> **DATA SHOWN**:
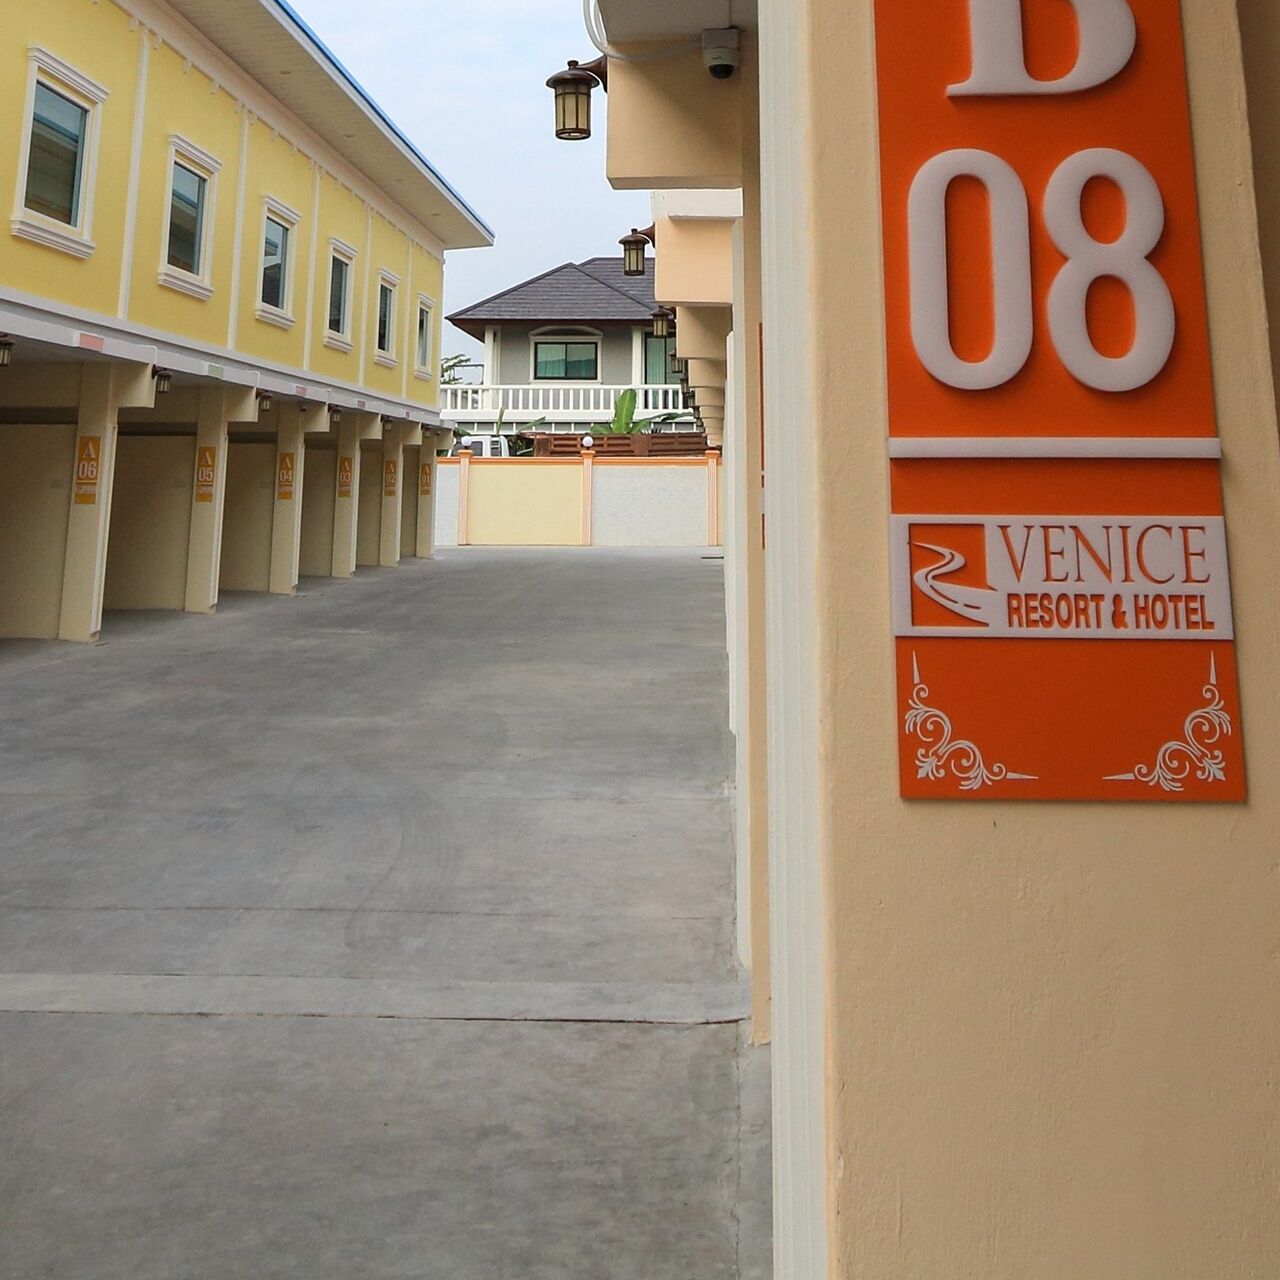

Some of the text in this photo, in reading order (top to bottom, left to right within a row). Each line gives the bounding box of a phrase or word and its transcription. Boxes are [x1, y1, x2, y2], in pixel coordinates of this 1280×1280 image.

[907, 147, 1175, 393] 08
[82, 442, 96, 458] A
[201, 451, 213, 465] A
[79, 461, 96, 479] 06
[282, 457, 292, 469] A
[198, 467, 213, 481] 05
[280, 470, 293, 482] 04
[997, 524, 1211, 585] VENICE
[1006, 592, 1215, 631] RESORT & HOTEL
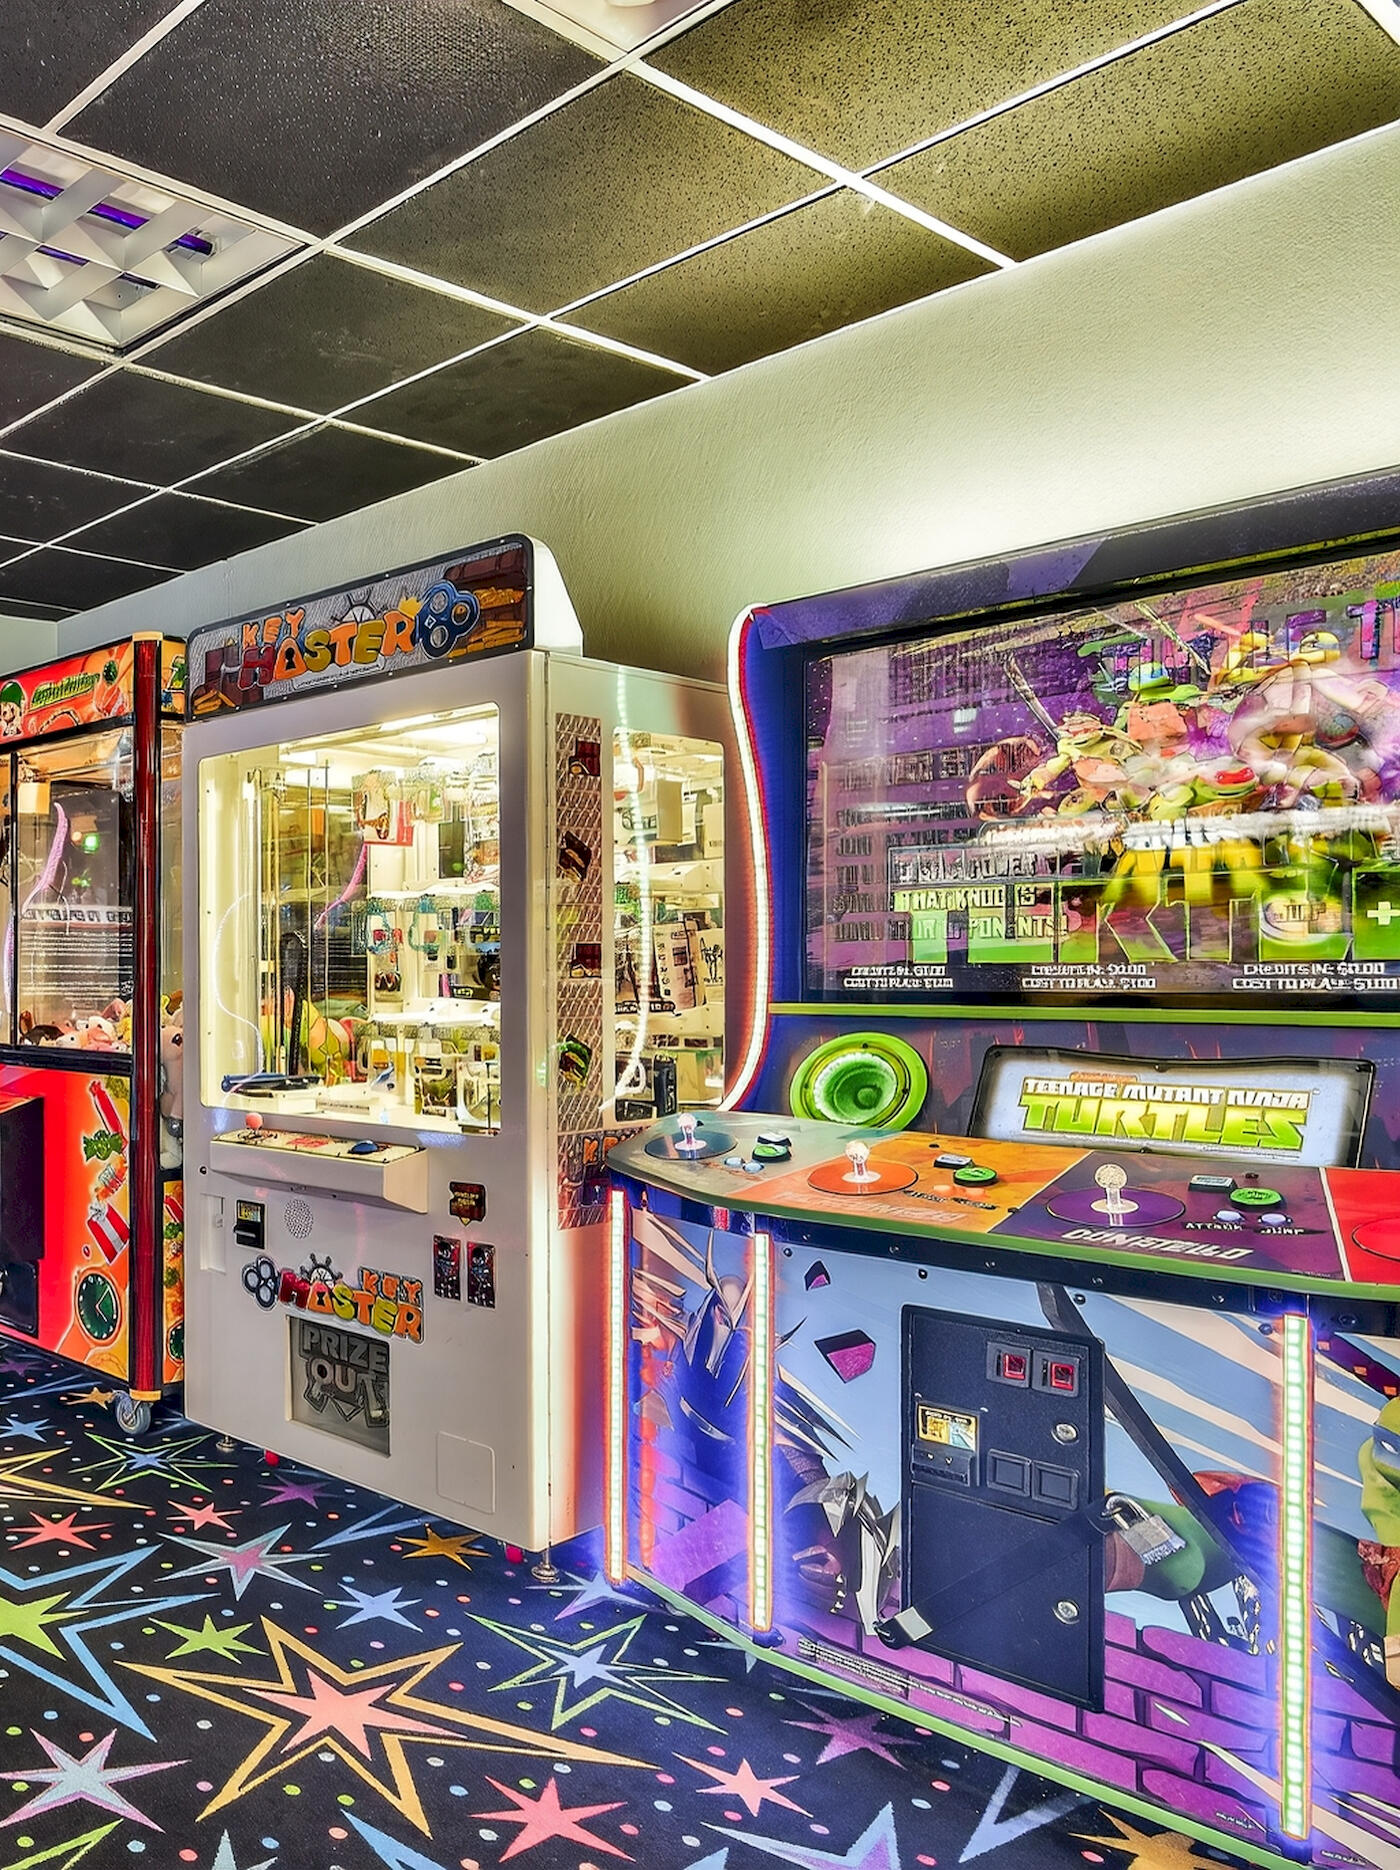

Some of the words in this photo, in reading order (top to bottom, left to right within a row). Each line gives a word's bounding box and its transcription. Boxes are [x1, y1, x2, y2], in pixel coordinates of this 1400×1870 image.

[237, 609, 416, 691] MASTER
[241, 607, 305, 648] KEY
[1023, 1078, 1118, 1099] TEENAGE
[1121, 1082, 1226, 1105] MUTANT
[1226, 1088, 1311, 1109] NINJA
[1019, 1094, 1309, 1150] TURTLES
[278, 1270, 423, 1344] MASTER
[361, 1268, 422, 1304] KEY
[302, 1322, 389, 1373] PRIZE
[310, 1357, 387, 1420] OUT
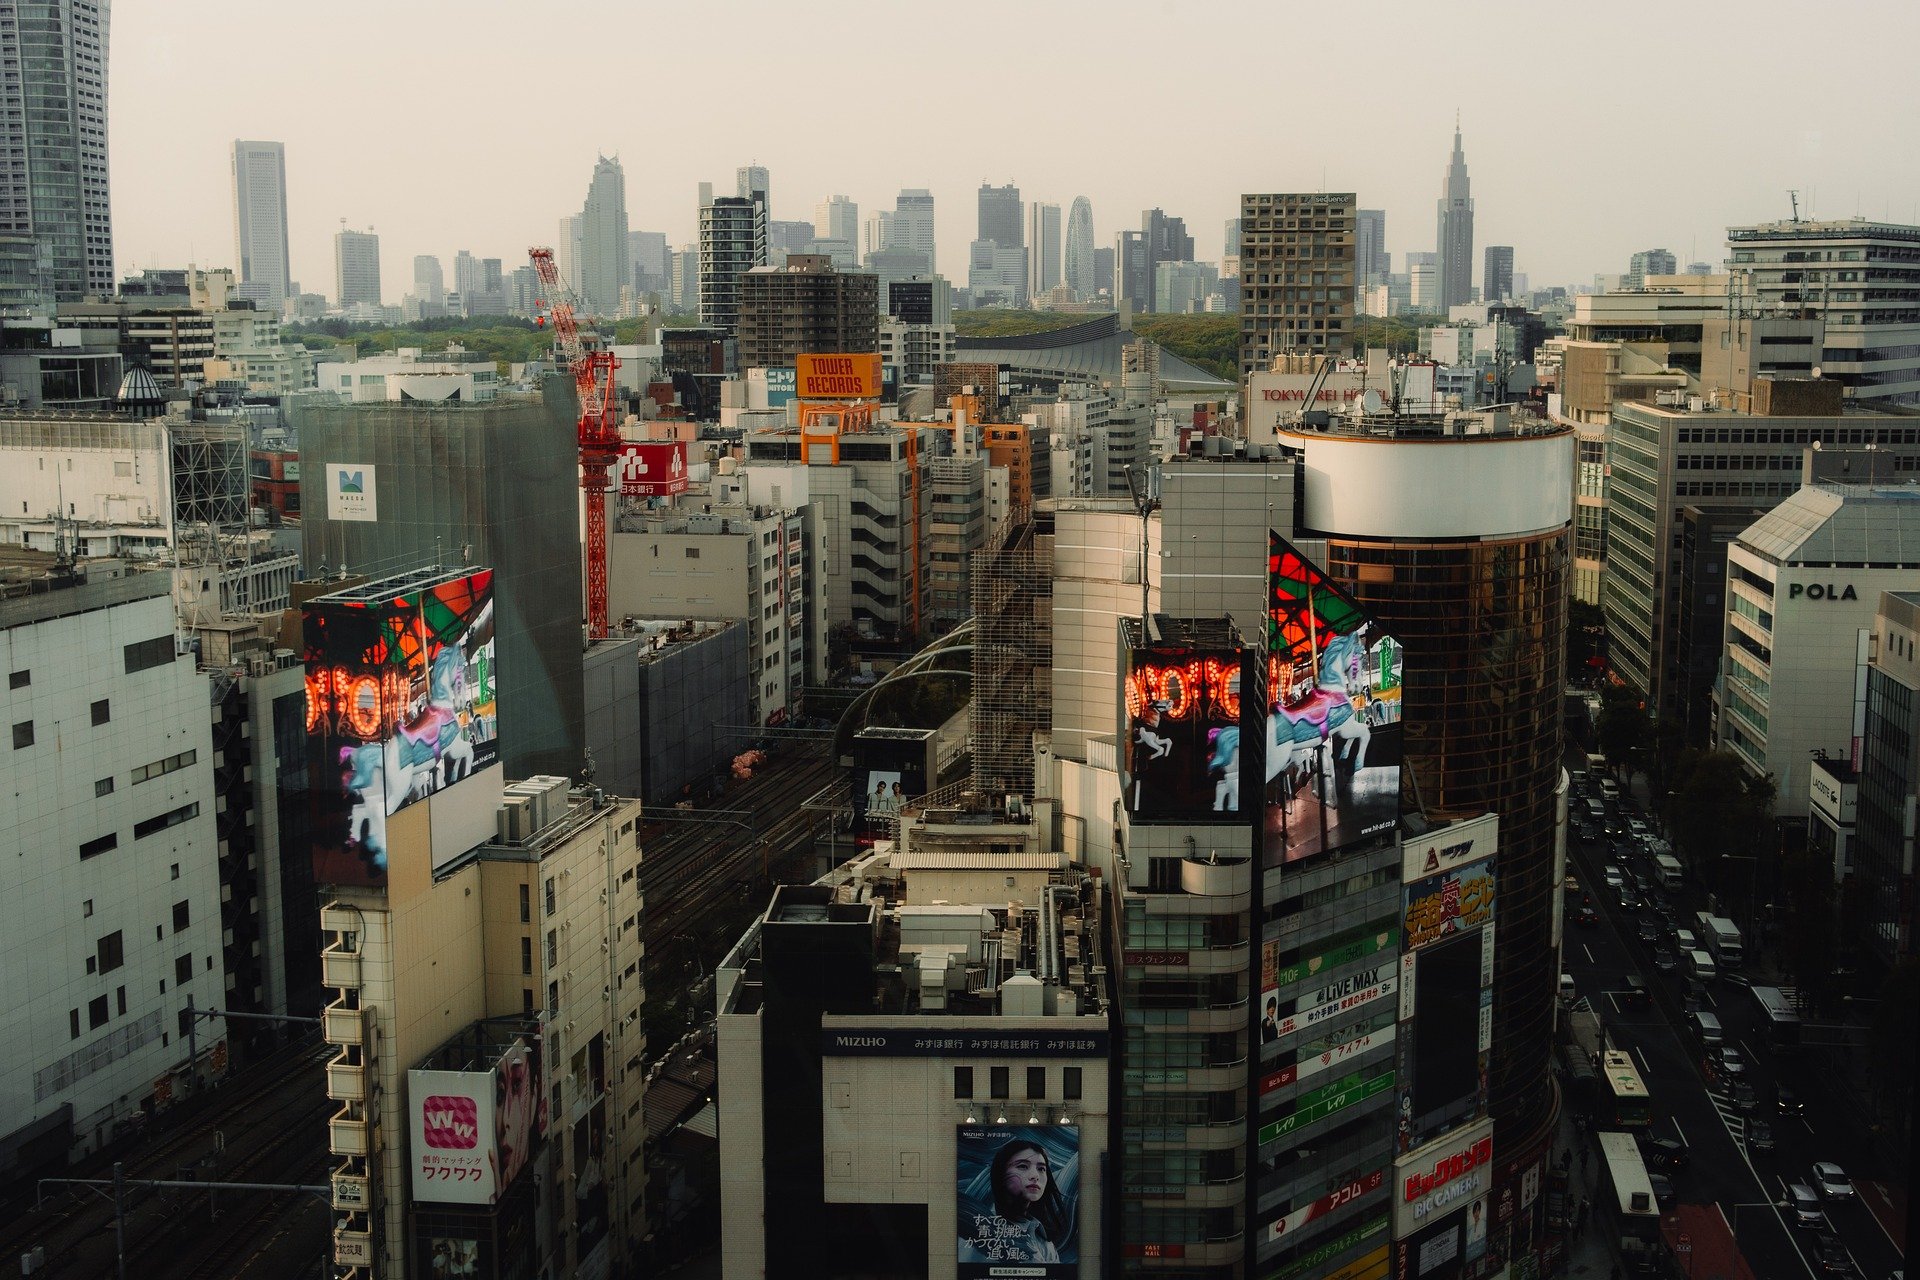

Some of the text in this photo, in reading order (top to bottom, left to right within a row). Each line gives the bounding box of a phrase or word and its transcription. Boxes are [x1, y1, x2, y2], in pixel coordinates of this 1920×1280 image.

[1315, 195, 1349, 205] sequence
[810, 358, 854, 375] TOWER
[768, 371, 796, 384] ニトリ
[806, 376, 863, 394] RECORDS
[1316, 389, 1337, 401] REI
[1789, 583, 1858, 600] POLA
[1812, 776, 1830, 798] LACOSTE
[1353, 968, 1379, 991] MAX
[1307, 1003, 1340, 1023] 仲介手数料
[1341, 988, 1379, 1010] 家賃の半月分
[836, 1036, 886, 1047] MIZUHO
[914, 1038, 1097, 1050] みずほ銀行 みずほ信託銀行 みずほ証券
[1338, 1036, 1371, 1058] アイフル
[1327, 1095, 1345, 1111] レイク
[1275, 1116, 1295, 1134] レイク
[422, 1155, 482, 1165] 劇的マッチング
[1404, 1136, 1492, 1201] ビックカメラ
[422, 1166, 482, 1181] ワクワク
[1330, 1172, 1382, 1210] アコム 5F
[1414, 1173, 1480, 1220] BIC CAMERA
[973, 1213, 1007, 1226] すべての
[1303, 1232, 1360, 1267] マインドフルネス

> **WHAT THE EXERCISE ASKS**: Reproduce the lines of the entries above exactly, but only from the line containing "this 1920×1280 image." through the final line.

> **TASK RESULT**:
Some of the text in this photo, in reading order (top to bottom, left to right within a row). Each line gives the bounding box of a phrase or word and its transcription. Boxes are [x1, y1, x2, y2], in pixel coordinates of this 1920×1280 image.

[1315, 195, 1349, 205] sequence
[810, 358, 854, 375] TOWER
[768, 371, 796, 384] ニトリ
[806, 376, 863, 394] RECORDS
[1316, 389, 1337, 401] REI
[1789, 583, 1858, 600] POLA
[1812, 776, 1830, 798] LACOSTE
[1353, 968, 1379, 991] MAX
[1307, 1003, 1340, 1023] 仲介手数料
[1341, 988, 1379, 1010] 家賃の半月分
[836, 1036, 886, 1047] MIZUHO
[914, 1038, 1097, 1050] みずほ銀行 みずほ信託銀行 みずほ証券
[1338, 1036, 1371, 1058] アイフル
[1327, 1095, 1345, 1111] レイク
[1275, 1116, 1295, 1134] レイク
[422, 1155, 482, 1165] 劇的マッチング
[1404, 1136, 1492, 1201] ビックカメラ
[422, 1166, 482, 1181] ワクワク
[1330, 1172, 1382, 1210] アコム 5F
[1414, 1173, 1480, 1220] BIC CAMERA
[973, 1213, 1007, 1226] すべての
[1303, 1232, 1360, 1267] マインドフルネス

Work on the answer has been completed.